Writing for STAT in January 2023 Dr Jerome Kim warned that the world was not learning from pandemic experience. He identified 4 key areas of concern: diagnostics, vaccine supply, vaccination, and leadership. The latter, he argues, is the “broadest and most intractable”. From HIV/AIDS to COVID-19, to the recent Ebola outbreak in Uganda, Dr Kim is concerned that the global attitude is in a “sluggish, reactive mode”.
Pandemic years
“We are in an age of epidemics and pandemics.”
Due to a combination of factors, such as “ease of global travel” and climate change, Dr Kim states that the “risk of infectious disease outbreaks is increasing with no end in sight”. Perhaps to those of us fortunate to have been ignorant of previous outbreaks, COVID-19 “put an exclamation point” on the series of “contagions” that others have been experiencing.
We might expect that, after these waves of infection, the approach to pandemics would be one of preparation and pre-emption.
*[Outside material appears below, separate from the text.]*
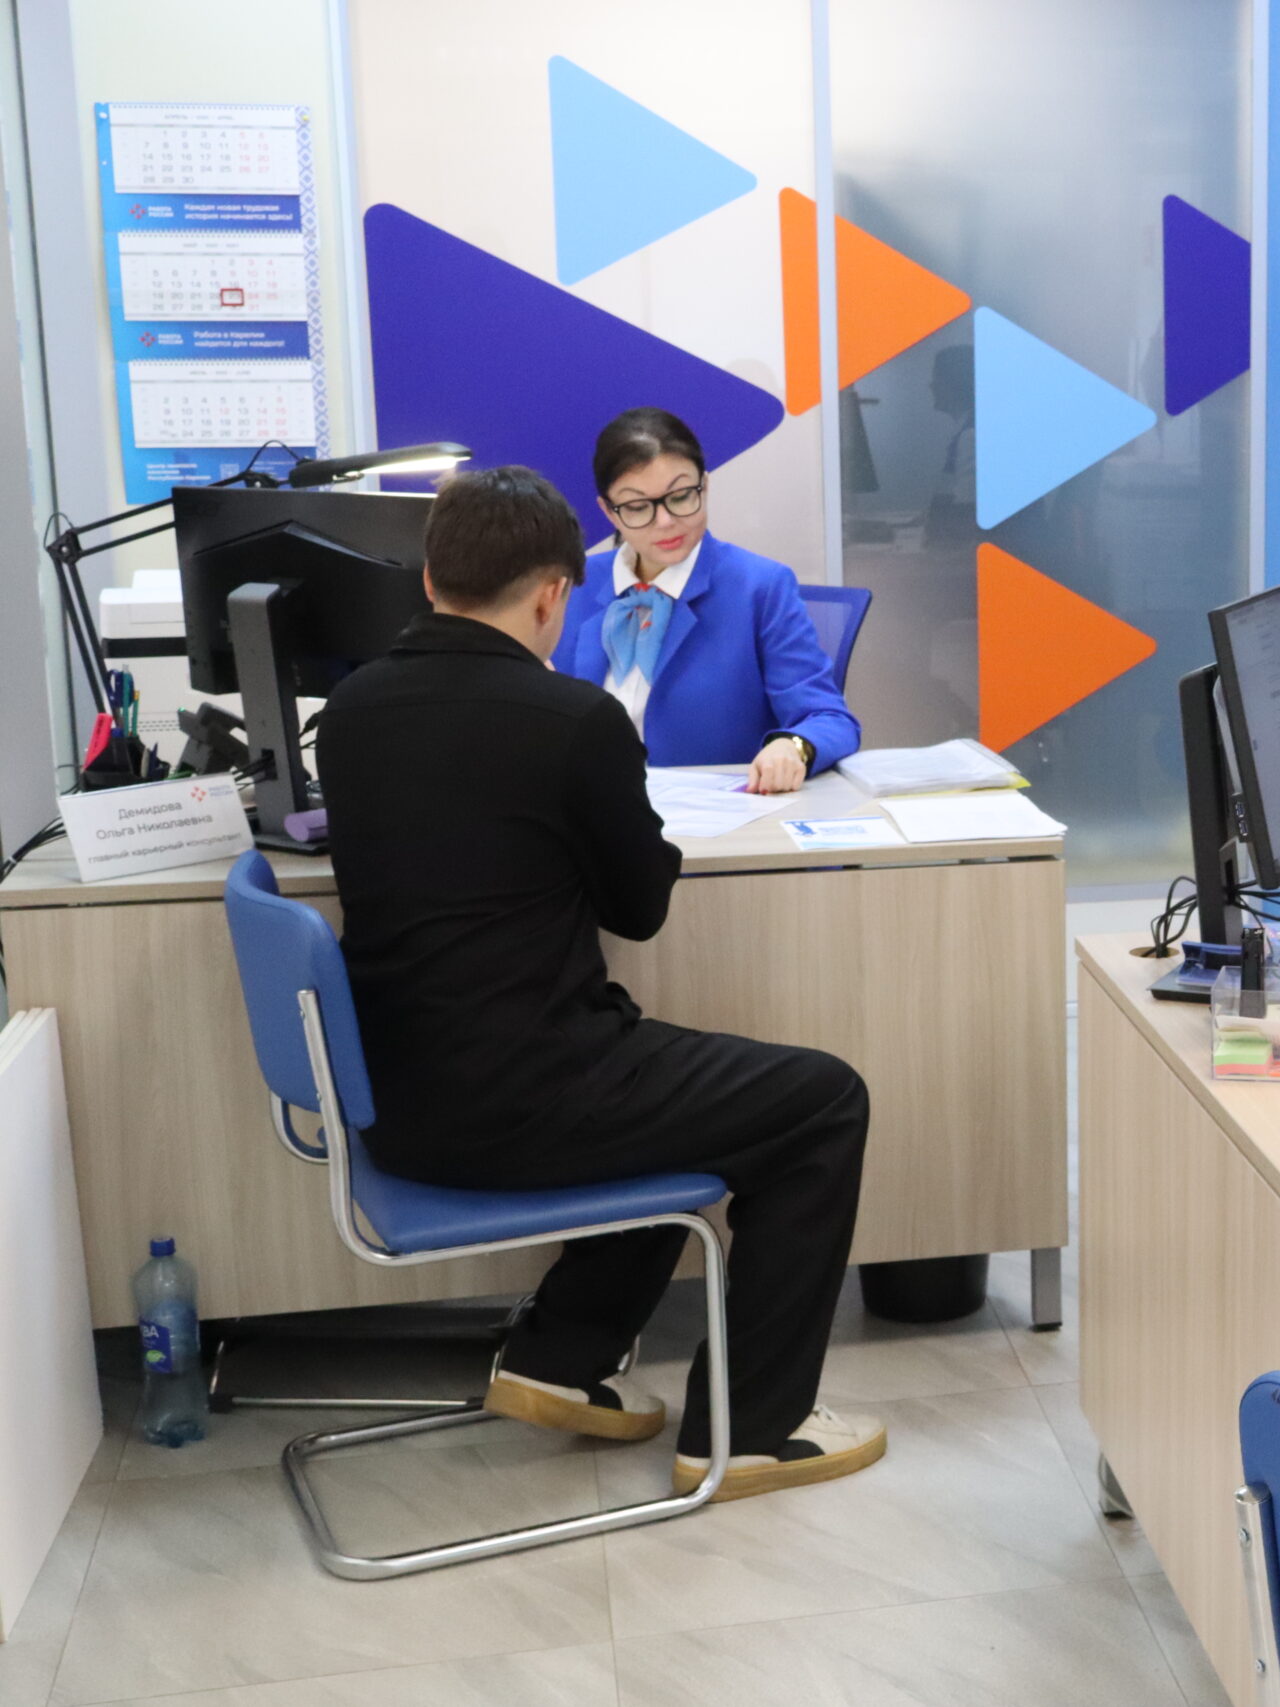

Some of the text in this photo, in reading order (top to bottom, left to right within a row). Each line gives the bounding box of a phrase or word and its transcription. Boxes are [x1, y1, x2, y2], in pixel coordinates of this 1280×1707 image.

However, for Dr Kim, we have 4 gaps in our mindset.
The 4 gaps
Dr Kim suggests that the 4 areas for concern are diagnostics, vaccine supply, vaccination, and leadership. These “highlight the international community’s failures”. In his view, the first 3 are “straightforward technical and funding propositions”, and we know that he and his organisation are working to promote progress here. The fourth, leadership, is “most intractable”.
Diagnostics:
“If you don’t know who has a disease or how many people have it, then no one is motivated to take preventative measures or use a vaccine, especially not in the face of global misinformation campaigns”.
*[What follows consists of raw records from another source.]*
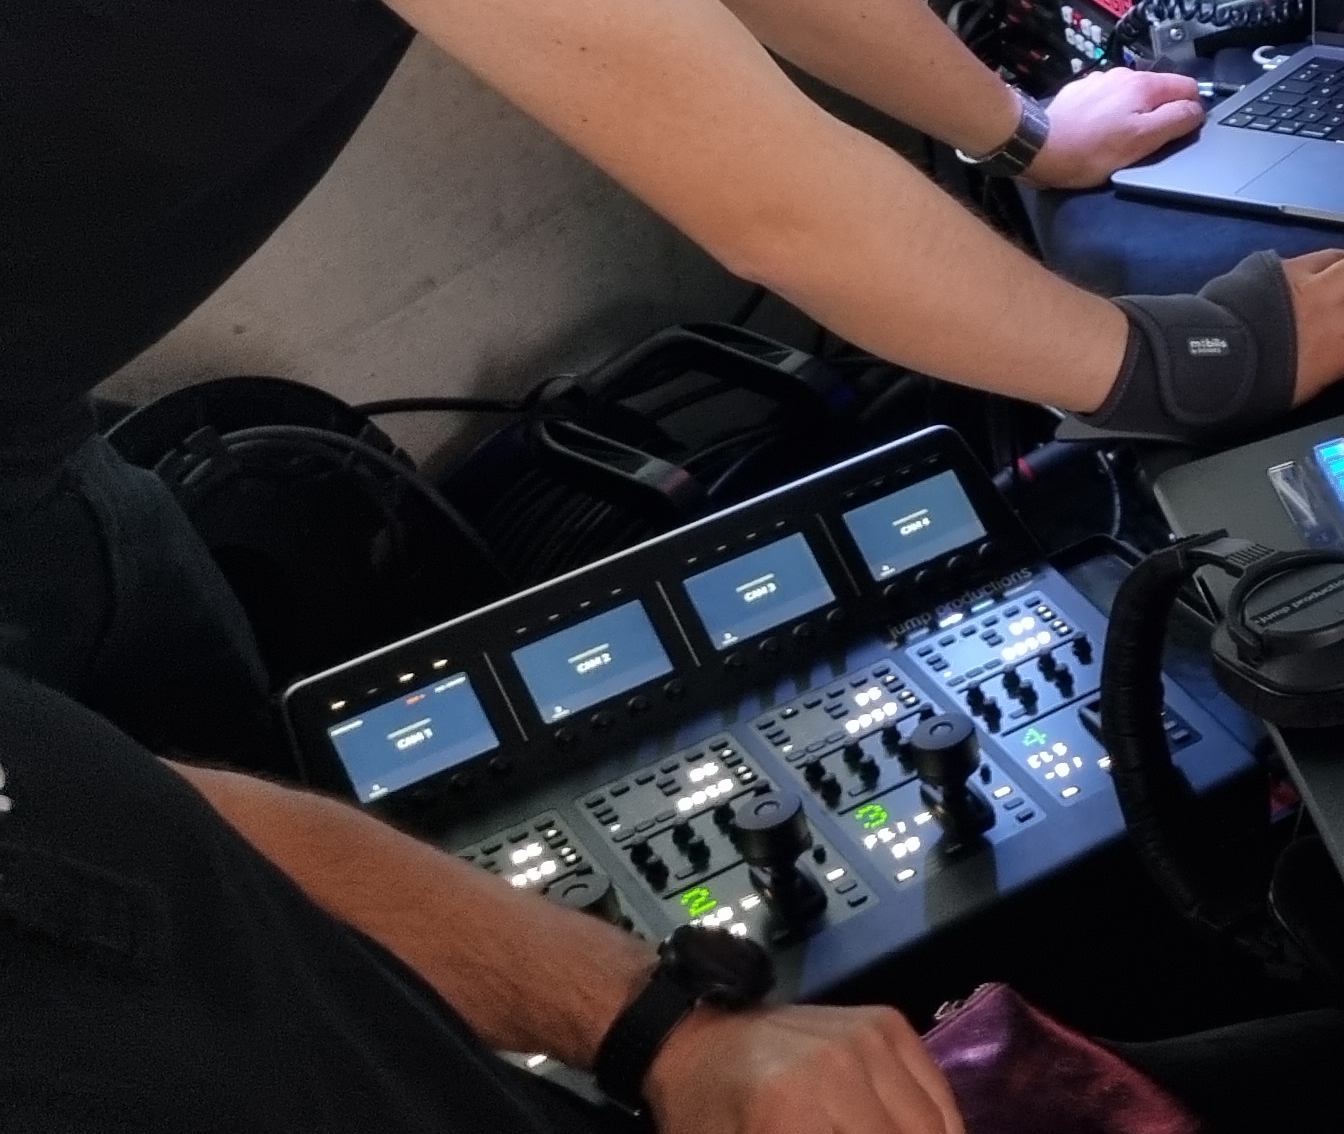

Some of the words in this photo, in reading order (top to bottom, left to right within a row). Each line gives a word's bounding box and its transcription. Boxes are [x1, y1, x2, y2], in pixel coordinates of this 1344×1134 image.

[744, 585, 768, 602] CAM
[889, 610, 931, 638] jump
[935, 567, 1033, 615] productions
[1260, 604, 1291, 624] jump
[577, 655, 602, 674] CAM
[396, 731, 424, 751] CAM
[1022, 727, 1048, 748] 4
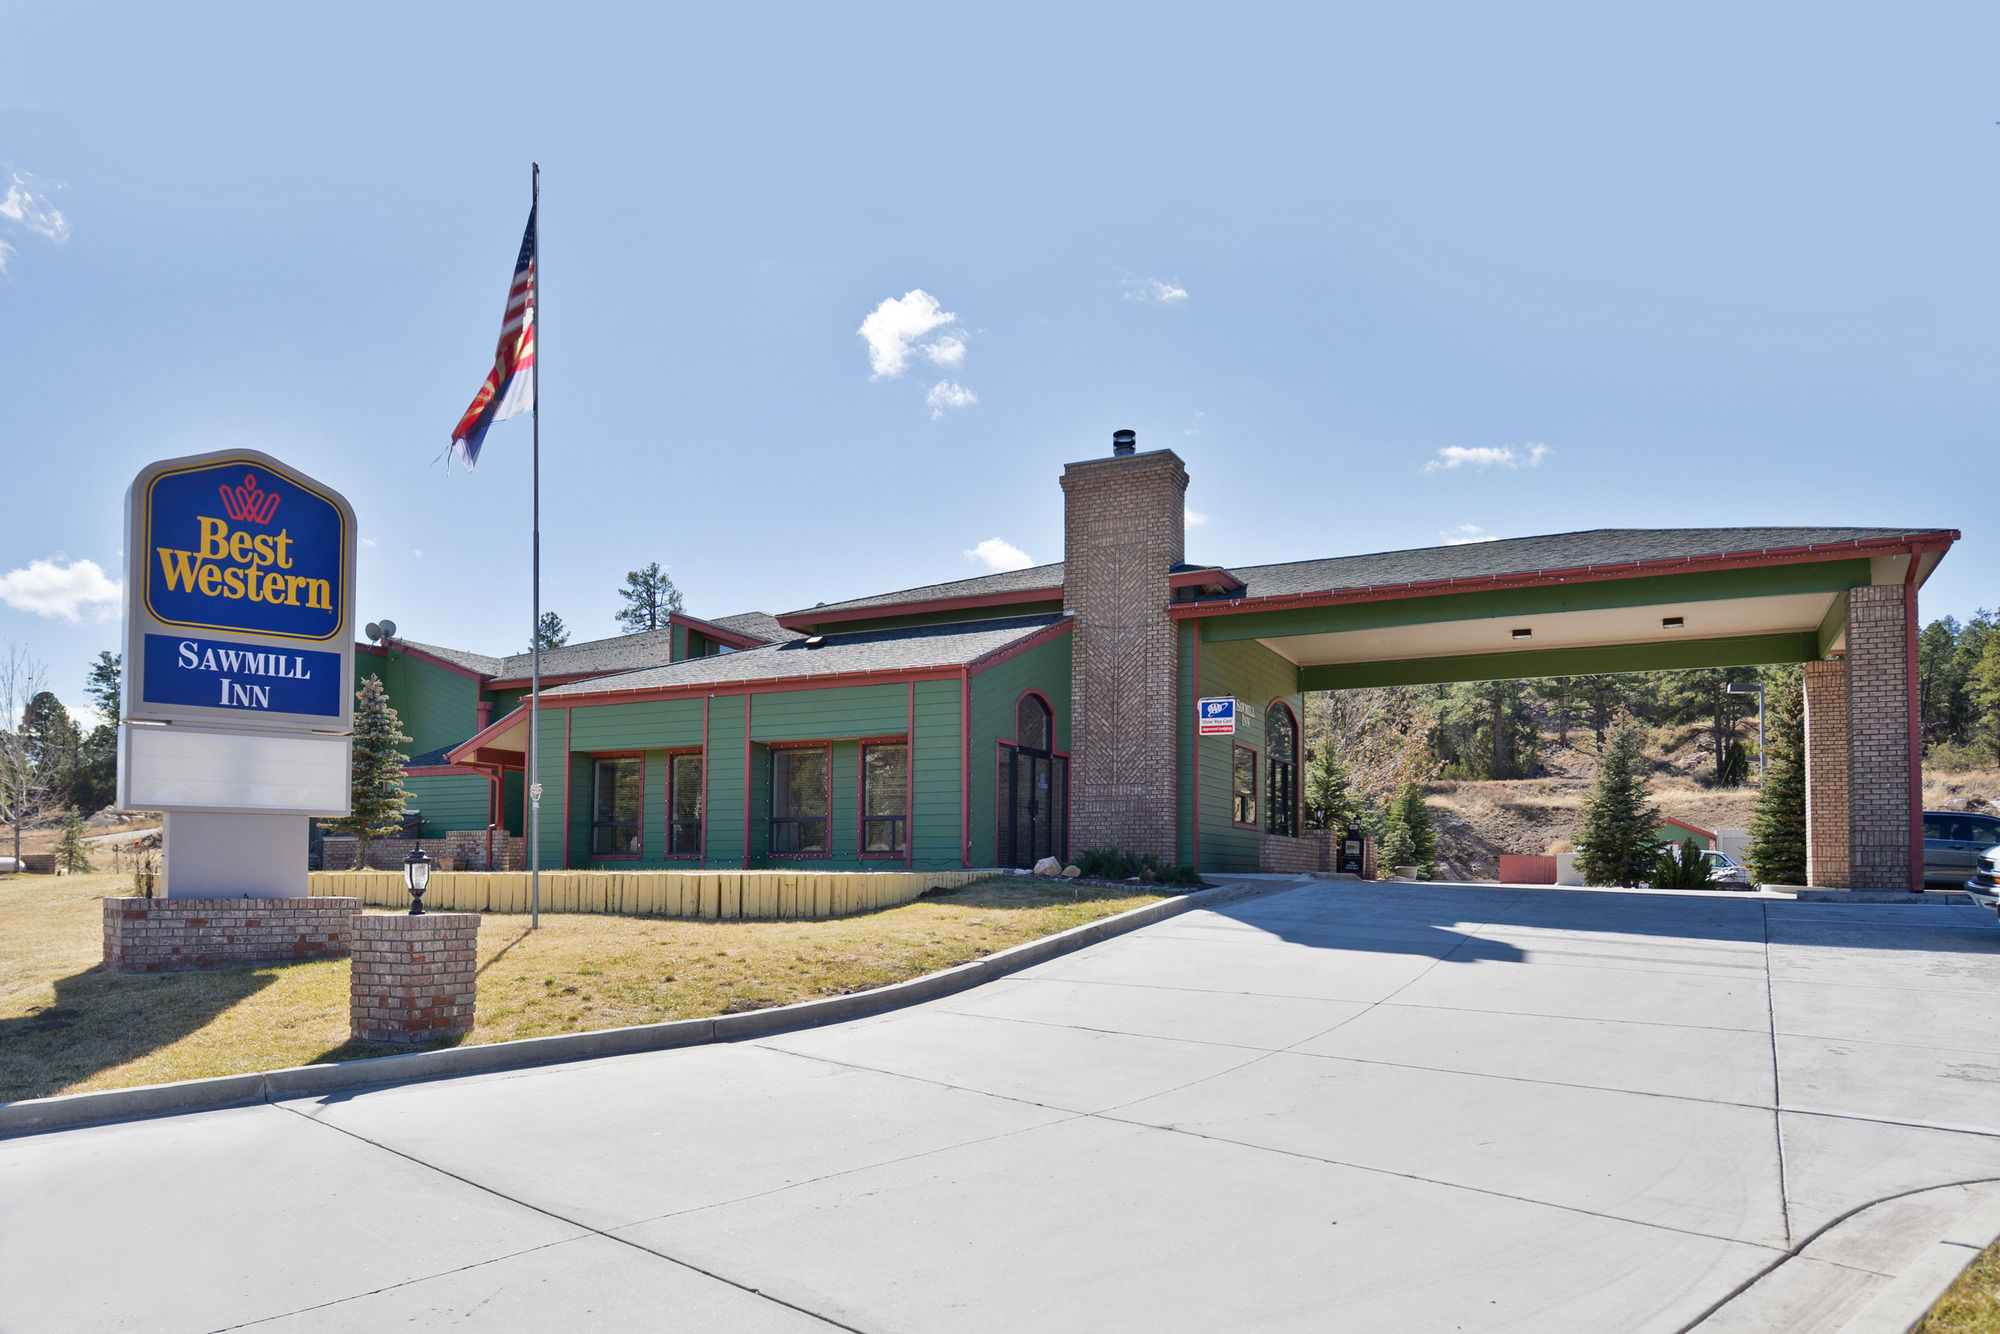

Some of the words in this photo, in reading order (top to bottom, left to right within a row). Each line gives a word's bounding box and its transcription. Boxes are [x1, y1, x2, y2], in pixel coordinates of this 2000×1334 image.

[197, 515, 293, 569] Best
[156, 547, 333, 611] Western
[178, 641, 311, 680] SAWMILL
[219, 678, 271, 709] INN
Dr Kim highlights the US’ response to COVID-19, where “experts agree” that the “government’s caseload numbers underestimate” the reality. Thus, the population feels “no urgency” to get boosters.
Vaccine supply:
“If a country is not manufacturing its own vaccines and is dependent on other countries for them, it may not be able to secure enough vaccine to quash an outbreak”.
Once again, Dr Kim’s example focuses on COVID-19, when wealthy countries obtained “more doses than they actually needed”, leaving “less-fortunate” countries lacking. Manufacturing, he suggests, is concentrated in the US, Europe, India, and China, and “vaccine nationalism laws” enable countries of manufacture to “appropriate vaccines intended for other countries”.
Vaccination
“Even if the first two gaps are fixed, but the solutions do not reach large parts of the world, then nothing has really been fixed”.
Dr Kim identifies a “deeper and more inherent” issue here. This involves “weak health systems, complex logistics, and vaccine hesitancy”.
Leadership
The “biggest” gap to be “bridged”.
The WHO global COVAX scheme involves a variety of organisations, Dr Kim states. CEPI develops vaccines that Gavi purchases, and WHO tracks. “No one entity is accountable for results”.
“And there is no agency with the political muscle, funding, agility, and experience to implement at pandemic speed – or to ensure that the world is prepared for whatever comes next.”
Better leadership
The vaccination efforts we saw in COVID-19 were the first in which “humanity attempted to vaccinate everyone, everywhere, all at once”. Although so many people have received at least one dose, the rate is uneven across the globe.
“The world needs leadership that can enforce a more equitable and timely distribution of vaccines.”
Despite COVAX being phased out, Dr Kim believes the “role it should have played remains unfilled”.
“Infectious diseases do not respect national borders.”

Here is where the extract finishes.